[Extracted data entries]
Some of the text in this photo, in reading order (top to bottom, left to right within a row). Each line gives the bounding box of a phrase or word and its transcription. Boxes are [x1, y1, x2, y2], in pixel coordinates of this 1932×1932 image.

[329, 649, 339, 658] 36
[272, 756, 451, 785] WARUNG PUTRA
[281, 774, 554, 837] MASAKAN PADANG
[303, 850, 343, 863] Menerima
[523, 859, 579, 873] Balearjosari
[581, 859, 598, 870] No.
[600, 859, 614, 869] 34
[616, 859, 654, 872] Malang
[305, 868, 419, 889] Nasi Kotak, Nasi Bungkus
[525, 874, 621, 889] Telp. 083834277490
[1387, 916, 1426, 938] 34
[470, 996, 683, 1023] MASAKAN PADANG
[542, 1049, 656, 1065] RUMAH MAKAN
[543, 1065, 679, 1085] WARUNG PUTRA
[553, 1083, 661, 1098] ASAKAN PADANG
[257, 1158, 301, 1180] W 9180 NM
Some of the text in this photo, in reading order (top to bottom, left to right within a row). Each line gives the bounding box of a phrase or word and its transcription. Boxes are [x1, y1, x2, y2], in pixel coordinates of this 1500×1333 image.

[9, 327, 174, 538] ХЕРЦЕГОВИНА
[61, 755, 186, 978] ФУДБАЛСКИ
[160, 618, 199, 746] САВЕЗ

**Task statement**
Type out the entries once more, precisely.

**Worked solution**
Some of the text in this photo, in reading order (top to bottom, left to right within a row). Each line gives the bounding box of a phrase or word and its transcription. Boxes are [x1, y1, x2, y2], in pixel coordinates of this 1932×1932 image.

[329, 649, 339, 658] 36
[272, 756, 451, 785] WARUNG PUTRA
[281, 774, 554, 837] MASAKAN PADANG
[303, 850, 343, 863] Menerima
[523, 859, 579, 873] Balearjosari
[581, 859, 598, 870] No.
[600, 859, 614, 869] 34
[616, 859, 654, 872] Malang
[305, 868, 419, 889] Nasi Kotak, Nasi Bungkus
[525, 874, 621, 889] Telp. 083834277490
[1387, 916, 1426, 938] 34
[470, 996, 683, 1023] MASAKAN PADANG
[542, 1049, 656, 1065] RUMAH MAKAN
[543, 1065, 679, 1085] WARUNG PUTRA
[553, 1083, 661, 1098] ASAKAN PADANG
[257, 1158, 301, 1180] W 9180 NM
Some of the text in this photo, in reading order (top to bottom, left to right within a row). Each line gives the bounding box of a phrase or word and its transcription. Boxes are [x1, y1, x2, y2], in pixel coordinates of this 1500×1333 image.

[9, 327, 174, 538] ХЕРЦЕГОВИНА
[61, 755, 186, 978] ФУДБАЛСКИ
[160, 618, 199, 746] САВЕЗ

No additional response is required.